Clandestins : arbitrage favorable à Eurotunnel

A la suite des perturbations causées à son exploitation par les intrusions de migrants clandestins en provenance du centre de Sangatte entre 2000 et 2002, Eurotunnel avait introduit le 17 décembre 2003 une requête devant le Tribunal ad hoc (1) prévu par les textes régissant la Concession (2) pour obtenir la réparation du préjudice subi.

Dans une sentence du 30 janvier 2007 rendue publique le 23 février 2007, le Tribunal Arbitral ad hoc reconnaît le droit à une indemnisation pour Eurotunnel. Le montant en sera déterminé, par ce même Tribunal, dans une phase ultérieure.

La sentence rendue au terme de la première étape reconnaît que les deux Etats français et britannique doivent au titre du Contrat de Concession « prendre toutes mesures (…) qui sont nécessaires à l’exploitation de la liaison fixe par les concessionnaires (…) ». Le Tribunal conclut que les concessionnaires (France Manche SA et Channel Tunnel Group Limited) sont en droit d’être indemnisés pour les pertes qui résultent du manquement des Etats à leurs obligations de concédants.

Le Tribunal doit désormais fixer un calendrier pour la deuxième phase de la procédure pour déterminer le montant du préjudice et son indemnisation. Eurotunnel estimait en 2004 ce préjudice, sur la période, à un montant total de 45 millions d’euros, répartis en 26 millions d’euros de dépenses de sûreté et 19 millions d’euros de pertes de revenus. A fin 2006, le préjudice total est estimé à environ 50 millions d’euros.

  1. Composition du Tribunal arbitral international qui a organisé les débats sous l’égide de la cour permanente d’arbitrage et dans les locaux de la Cour de justice internationale de La Haye :

Président : M. le Professeur James Crawford

Arbitres nommés par les concessionnaires : Maîtres Yves Fortier et Jan Paulson

Arbitre nommé par le gouvernement français : S.E le Juge Gilbert Guillaume

Arbitre nommé par le gouvernement britannique : le très honorable Lord Millet

  1. Tribunal arbitral international Ad Hoc prévu par l’article 19 du Traité de Cantorbery, l’article 40 du Contrat de Concession du 14 mars 1986 et le Protocole d’Arbitrage de 1987.

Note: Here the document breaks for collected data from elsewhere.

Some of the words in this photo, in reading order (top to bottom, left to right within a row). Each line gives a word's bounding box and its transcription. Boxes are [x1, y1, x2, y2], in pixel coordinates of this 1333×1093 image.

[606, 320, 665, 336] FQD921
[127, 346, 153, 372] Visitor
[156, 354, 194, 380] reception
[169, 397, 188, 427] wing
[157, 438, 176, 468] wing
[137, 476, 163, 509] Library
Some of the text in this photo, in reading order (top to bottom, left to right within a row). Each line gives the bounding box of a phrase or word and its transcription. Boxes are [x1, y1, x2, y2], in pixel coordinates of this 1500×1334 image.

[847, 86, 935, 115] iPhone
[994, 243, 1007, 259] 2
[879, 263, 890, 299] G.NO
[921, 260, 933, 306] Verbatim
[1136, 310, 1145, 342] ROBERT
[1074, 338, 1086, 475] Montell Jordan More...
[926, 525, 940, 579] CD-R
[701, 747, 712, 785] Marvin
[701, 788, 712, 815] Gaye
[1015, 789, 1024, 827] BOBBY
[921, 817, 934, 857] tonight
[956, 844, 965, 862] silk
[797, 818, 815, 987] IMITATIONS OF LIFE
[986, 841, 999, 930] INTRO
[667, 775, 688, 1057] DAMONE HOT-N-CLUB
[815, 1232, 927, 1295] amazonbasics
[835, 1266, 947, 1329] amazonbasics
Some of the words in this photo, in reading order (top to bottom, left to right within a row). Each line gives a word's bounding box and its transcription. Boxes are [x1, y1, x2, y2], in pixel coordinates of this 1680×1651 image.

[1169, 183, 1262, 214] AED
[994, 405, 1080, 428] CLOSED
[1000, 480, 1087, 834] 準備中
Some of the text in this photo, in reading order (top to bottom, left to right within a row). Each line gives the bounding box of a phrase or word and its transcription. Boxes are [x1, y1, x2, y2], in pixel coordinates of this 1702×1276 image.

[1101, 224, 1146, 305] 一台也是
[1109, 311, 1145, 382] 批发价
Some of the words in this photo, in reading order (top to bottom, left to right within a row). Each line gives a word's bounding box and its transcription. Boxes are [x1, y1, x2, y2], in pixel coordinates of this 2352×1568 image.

NB : Le Tribunal arbitral a également examiné une requête d’Eurotunnel, jointe à la procédure en décembre 2004, relative à la distorsion de concurrence créée par un soutien abusif par des aides publiques reçues par la société SeaFrance depuis 1998 sous formes de recapitalisation financière, d’utilisation du dispositif de GIE fiscal et de remboursements de cotisations patronales et autres garanties publiques.

Cette demande supplémentaire concernant SeaFrance a été rejetée parce que le Tribunal a estimé que les dispositions du Contrat de Concession ne lui permettaient pas de régler cette partie du litige.